“É difícil de acreditar, mas uma sobrevivente de
estupro de 15 anos de idade, nas Maldivas, foi sentenciada a 100 chicotadas em
público!”
Não,
eu não acho difícil de acreditar e lamento infinitamente por isso. Lamento por
tudo. Lamento por não achar difícil crer que algo assim aconteça, lamento por
isso acontecer, lamento por esse mundo. E eu não queria só lamentar. Eu queria
fazer mais.
A
carne desta menina de 15 anos vai se abrir em feridas sangrentas por ela ter
sido vítima de estupro. A cultura que permite isso nos choca sobremaneira e nos
revoltamos, nos indignamos com esse ato, com essa dor infame por cima da outra
dor que ela já sofreu com o estupro. Pensamos no absurdo de uma ação deste tipo
e se pudéssemos iríamos lá resgatá-la, arrancá-la dos braços institucionais de
seus algozes. Pobre menina...! Essa criança teve o azar de ver sobre si o peso
dos 50% de chance de ter nascido mulher. A probabilidade, embora aponte para a
justa divisão de metade e metade, nós sabemos (e fingimos não saber) que os 50%
de chance de nascer uma mulher é perder um jogo. Um jogo que já nasce perdido no mundo
todo, mas de maneira diferente.
Você
se choca com as chibatadas, mas não se choca ao ver alguém desejar nunca ter
uma filha. Você se choca com o sangue escorrendo no corpo desta jovem, mas não
se choca ao ver que os estupradores da New Hit estão soltos. Você se choca com
o couro da vítima arrancado, mas não se choca com as justificativas do tipo: “eu
sou homem, eu posso e você não!”. Você se choca ao saber que ela tem 15 anos,
foi estuprada, vai apanhar feio por isso, mas diz que uma menina adolescente é
uma vadia quando perde a virgindade.
Isso
só quer dizer que todas nós merecemos apanhar. E é isso que acontece todos os
dias: nossa alma é sangrada pelo machismo. O açoite e as vergastadas que ela
possivelmente receberá vai ferir a carne de todas nós. E, na verdade, essas 100
chibatadas serão o símbolo doloroso do que é ser mulher. Porque ser mulher é
ser sexy por ser inteligente (atributo natural do ser humano que numa mulher
vira um adereço, para alguns, atrativo). Porque ser mulher é viver de pernas
cruzadas, não subir em árvores, não falar alto, não falar palavrão, não saber
dirigir bem, não gostar de futebol, não saber sobre política, não construir
prédios, não reclamar dos elogios do pedreiro, não usar a roupa que quer. Somos
os 50% que vivem sob a avalanche de “nãos”. Violência contínua e que se
expressa no mundo todo. Há chicotadas que doem nas carnes de todas as cores e
culturas das mulheres deste mundo.
E
tem mais: a gente só acha belo uma mulher quebrar os padrões enquanto lê um
livro de história ou vê uma novela anacrônica da Globo, cuja personagem Laura
se divorcia, escreve artigos para um jornal, luta por causas coletivas e é
feliz no final tendo um homem-parceiro que lhe entrega o prêmio por ser quem
ela é. Ficção. Ou ter uma Isabel que engravidou de um senhorzinho de escravo
(que a ludibriou, mas claro, ela era uma vadia por ter sido enganada), foi para
Europa, virou dançarina, voltou rica e foi aceita pelo ex-noivo que (pasmem)

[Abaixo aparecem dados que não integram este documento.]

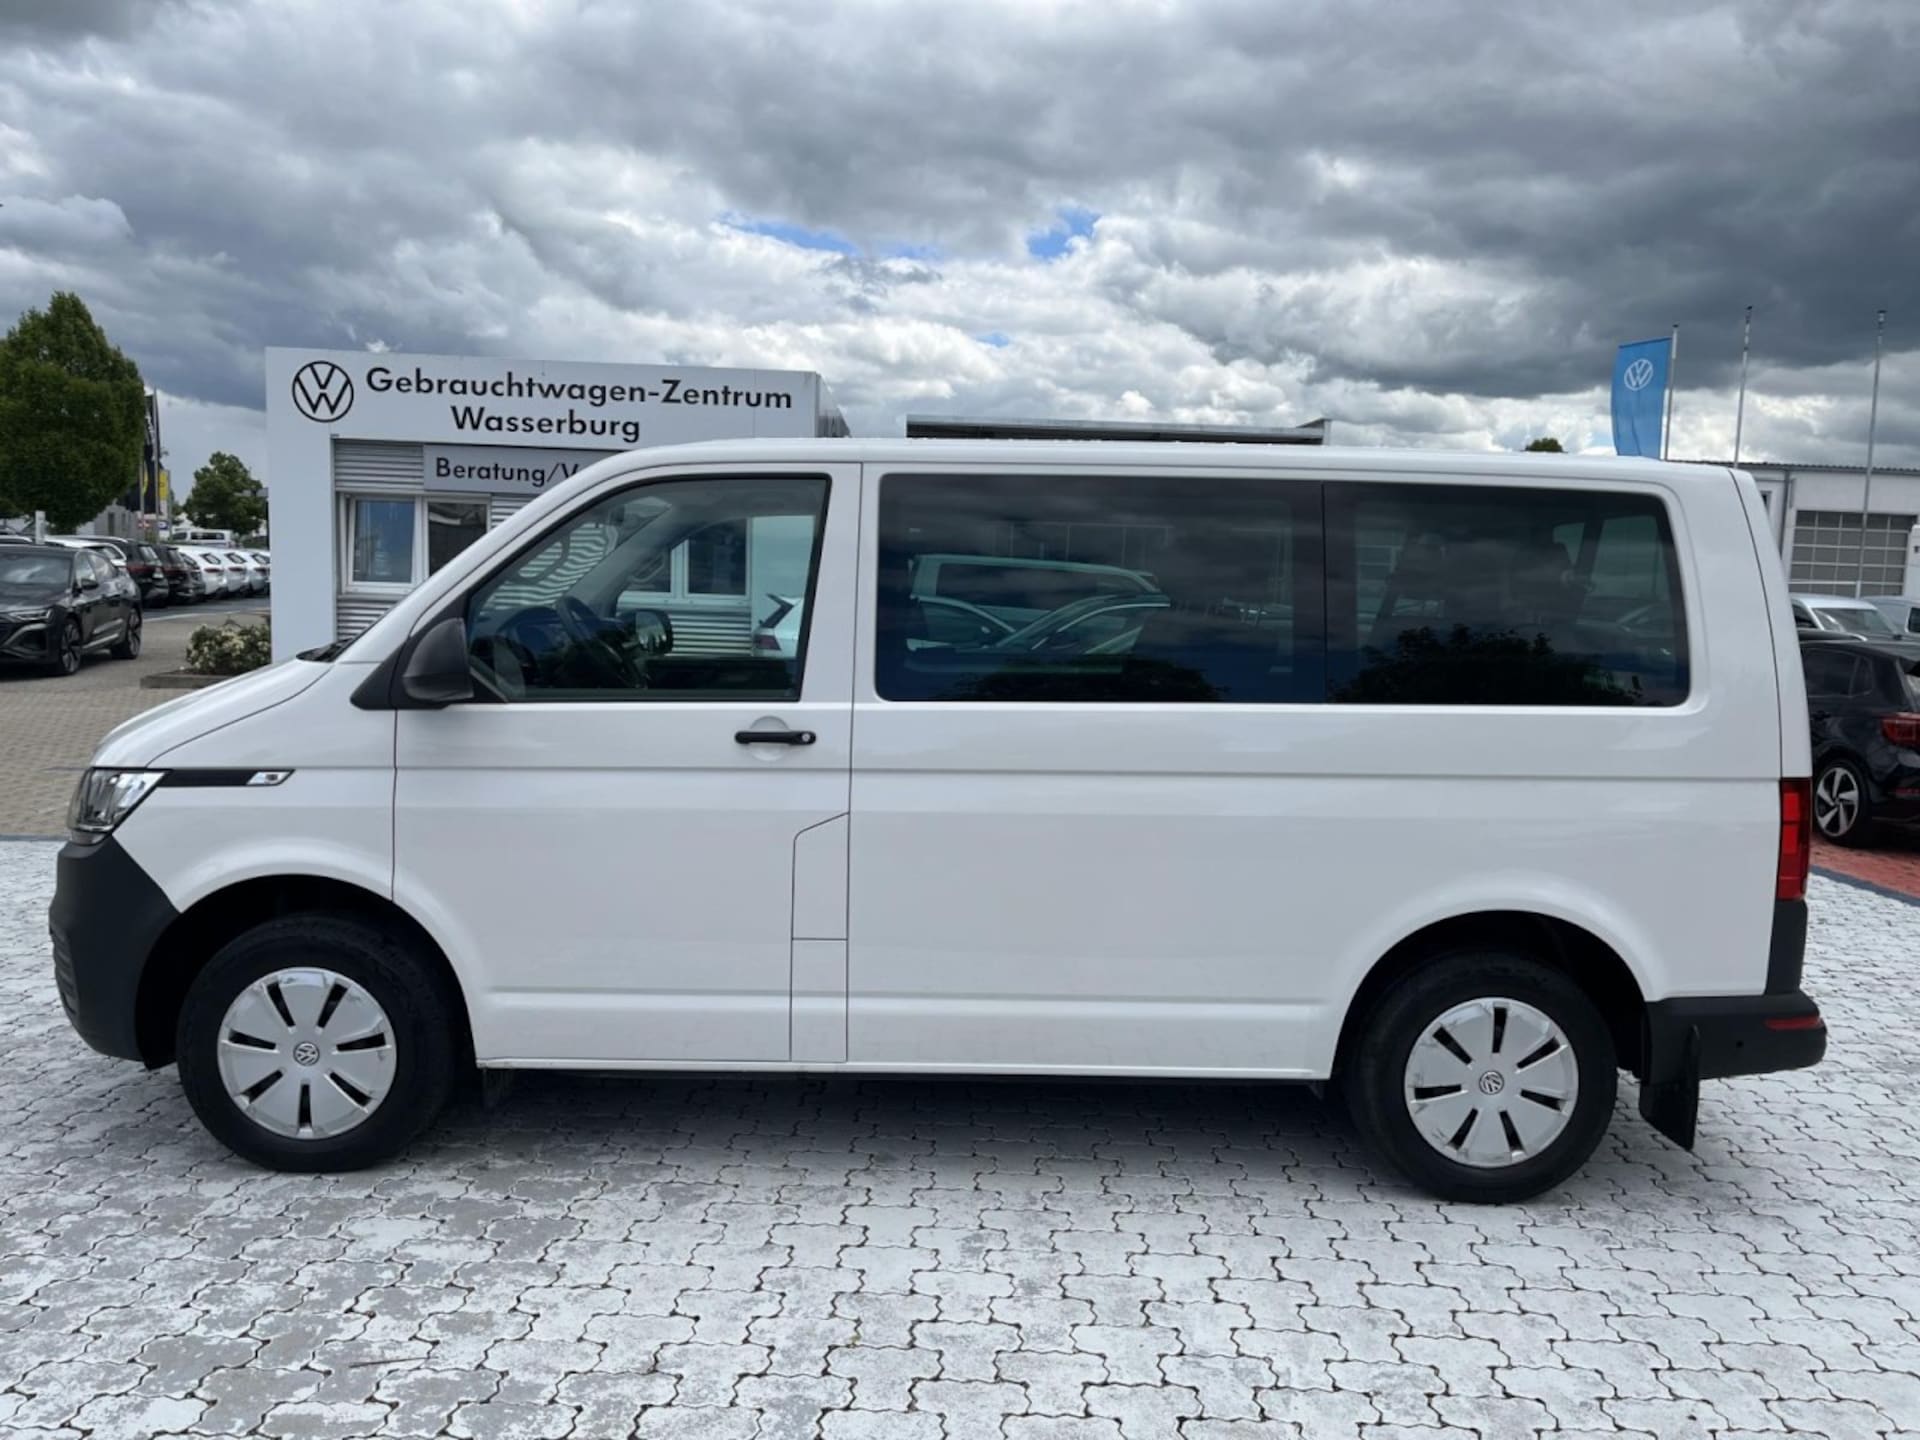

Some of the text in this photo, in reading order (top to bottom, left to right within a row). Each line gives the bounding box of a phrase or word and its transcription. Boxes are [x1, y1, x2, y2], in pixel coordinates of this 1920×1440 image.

[292, 360, 354, 422] VW
[366, 367, 792, 409] Gebrauchtwagen-Zentrum
[450, 405, 641, 443] Wasserburg

assumiu seu filho. Fic-ção!
E,
para mim, a preferência é o lamento. Porque acho pouco escrever este texto para
ser julgada, questionada e confrontada mais tarde. Preço baixo perto do que
tantas outras mulheres vem pagando. Quase uma liquidação, quase nada, só mais
um lamento.
Um comentário:
As sociedades precisam, ainda, evoluir muito (nao para igualar homens e mulheres), pois cada sexo tem as suas particularidades e jeitos de ser. Mas, evoluir para respeitar as diferenças. O homem nao é melhor do que a mulher, nem o contrário. Cada um tem a sua natureza e um complementa o outro em suas existências. Nao deixando de lado os que se envolvem afetivamente com mesmo sexo. Isso já é outra questao. Nesse caso estamos tratando de respeito ao gênero, ao ser humano. Reitero suas palavras e acrescento que, nossa evolucao está no respeituo mútuo para crescermos juntos, ajudando uns aos outros, seja no que for...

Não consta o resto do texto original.